I think Francesco Bernoulli of Cars 2 also count, but I don't know the exact details. He's definitely talkative, and proud at his speed, but I don't know much beyond that.

Dec 6th 2018 at 10:35:17 AM

On Friends Joey is a mild case. While he doesn't pick fights with people as often as a pure example of this trope, he is the first one to instigate a physical altercation more often than the others. When Chandler drunkenly makes out with one of Joey's sisters, Joey admits that if it had been anyone other than Chandler, he'd punch his lights out.

Dec 6th 2018 at 1:32:55 PM

In Due South, Ray Vecchio's family is like this when Benton visits them for dinner.

Dec 6th 2018 at 1:51:02 PM

^ That example needs more context. What are the family like?

These examples in the draft are also problematic:

Not enough context: Pasta ad (also a general example), Bambino, Death On The Nile (how is liking archeology rambunctious?), the Mario example

Aversions (this trope is not an Omnipresent Trope so shouldn't list aversions): Atlantis The Lost Empire, Gunslinger Girl. This last one says it's a subversion, but there's no reason the trope would be expected (national sterotypes don't tend to come into play when everyone is the same nationality), so I think it's actually an aversion.

Also, I think the Marx Brothers example should be in Film, not Real Life, because it's about a stock character the actor plays in every movie (Chico Marx wasn't even Italian).

Dec 7th 2018 at 6:12:53 PM

The Vecchio family is loud, with members often talking over each other at the dinner table.

Dec 9th 2018 at 7:11:53 AM

Suggestions to improve the description: Pothole Hot Blooded. Pothole "temper prone and get mad easily" to Hair Trigger Temper. Change "passionate" to "passionate in love" and pothole The Casanova.
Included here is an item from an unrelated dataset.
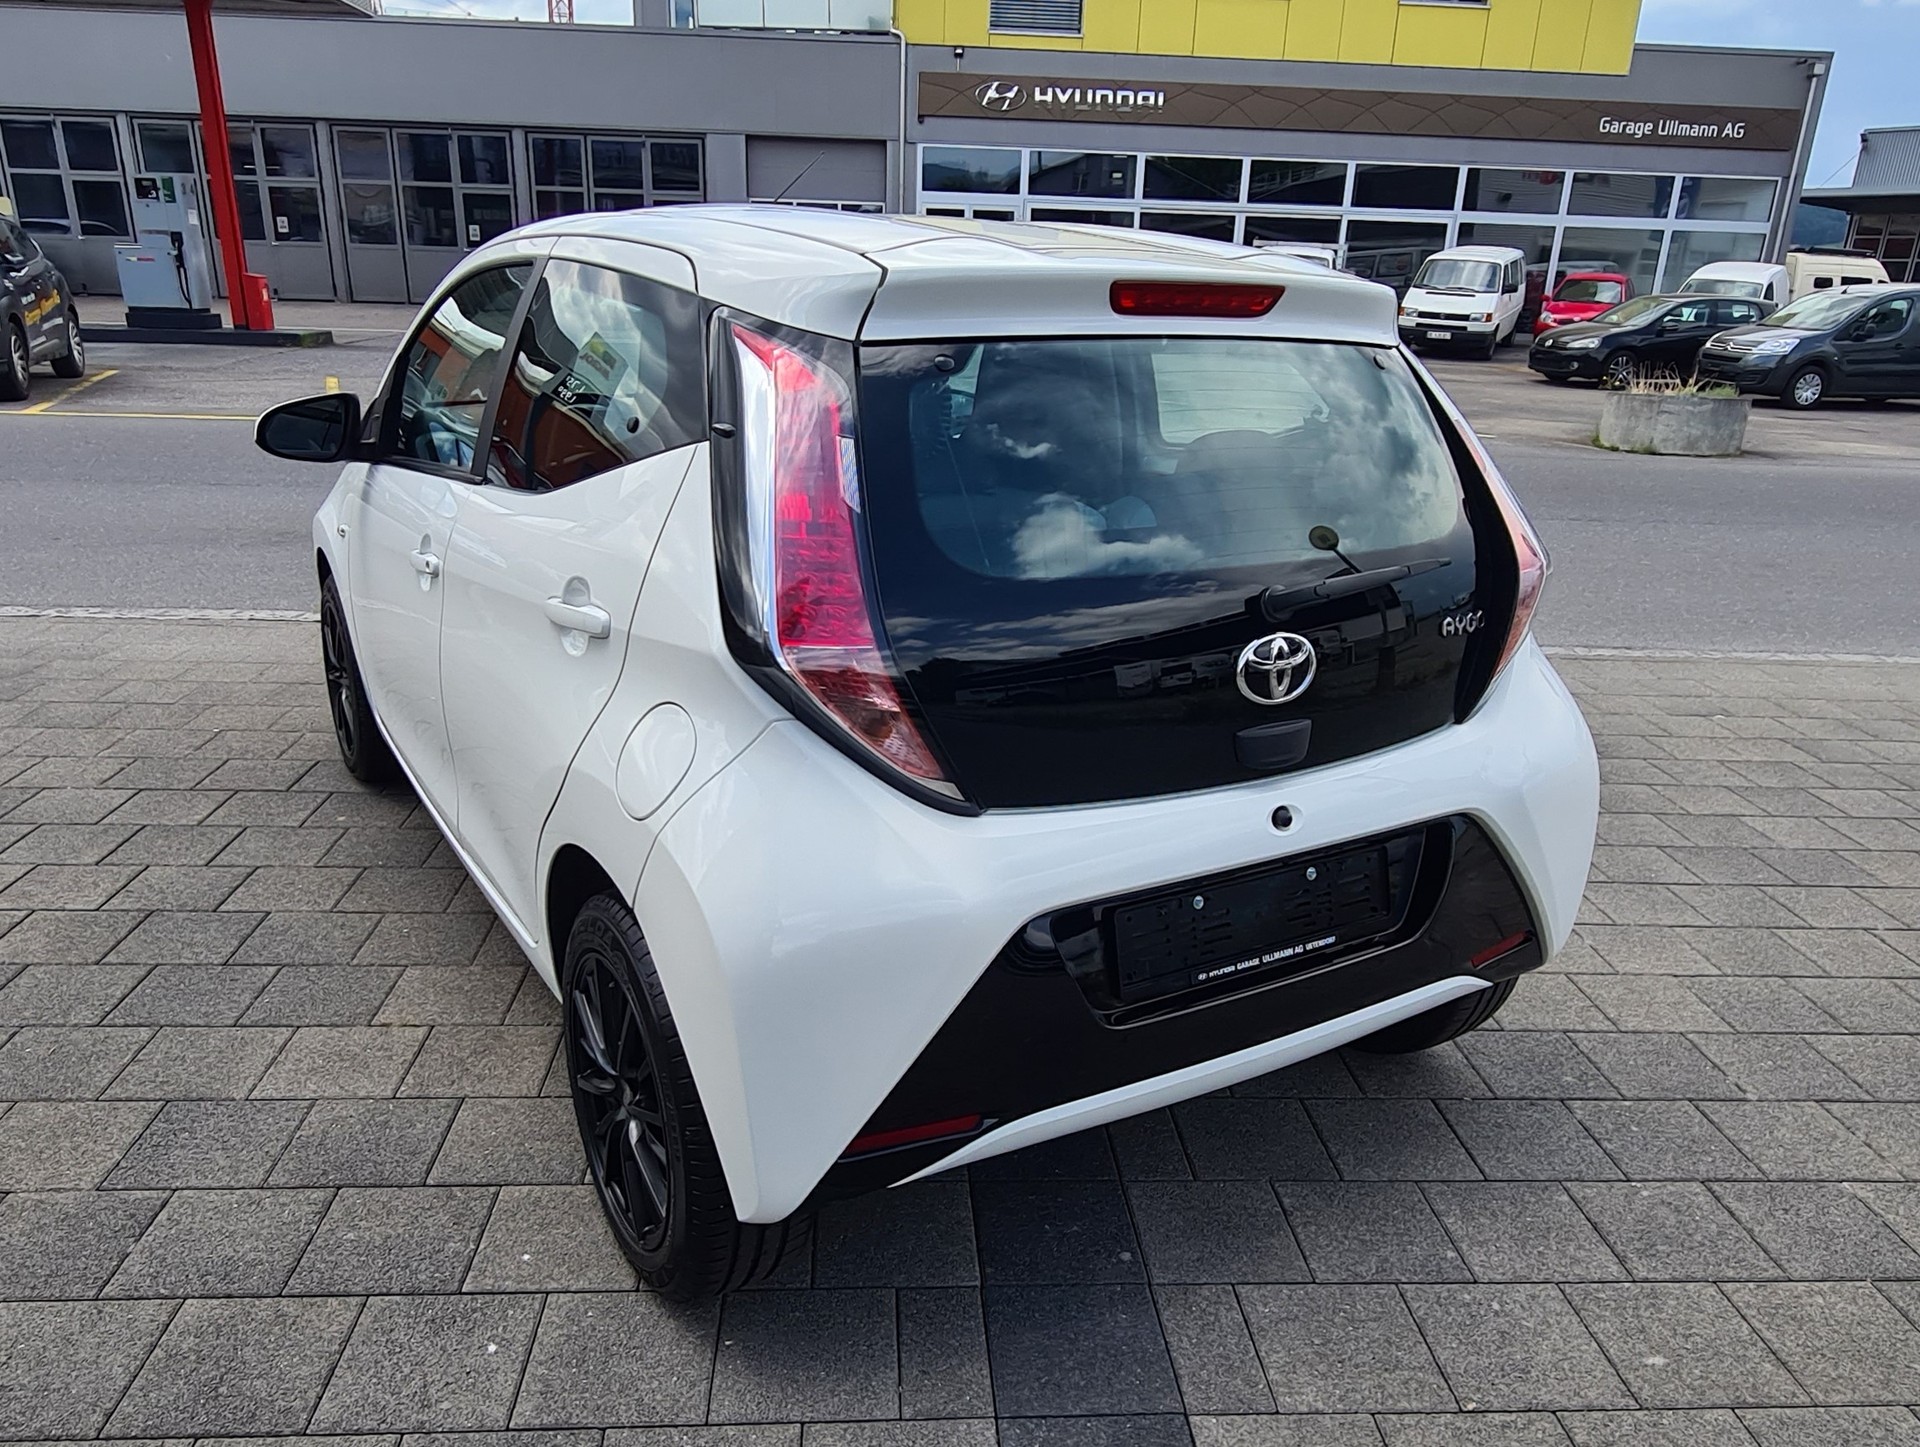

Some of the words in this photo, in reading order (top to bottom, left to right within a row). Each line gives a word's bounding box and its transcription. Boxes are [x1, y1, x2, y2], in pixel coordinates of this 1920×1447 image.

[After first paragraph:] In a fighting team, Italian characters may be a Boisterous Bruiser, although another stereotype is that Italians tend to be the Miles Gloriosus or a Guile Hero whose skill at talking exceeds their combat abilities.

This something of an Evolving Trope. Early iterations of this tended to portray Italians as fast-talking con-men whose loudness was a cover for various schemes. Later on, as movies about The Mafia became popular, depictions of Italians as more violent, easily angered thugs with passionate relationships. A newer variant has Italians (particularly men) whose emotion goes along with being effeminate. In any case, these characters will be loud, argumentative, and gesticulate a lot.

Often overlaps with Funny Foreigner, particularly if paired with an outrageous accent.

Dec 12th 2018 at 1:34:53 AM

Video game example:

  • In Assassins Creed II, Ezio Auditore is a loud, energetic, and Hot Blooded Italian Assassin who cares "very" much about his family. He gets toned down a lot in later games where he's in his formative years, however.

Was gonna suggest that goldilocks bear from the spaghet meme too but it's already been added, so.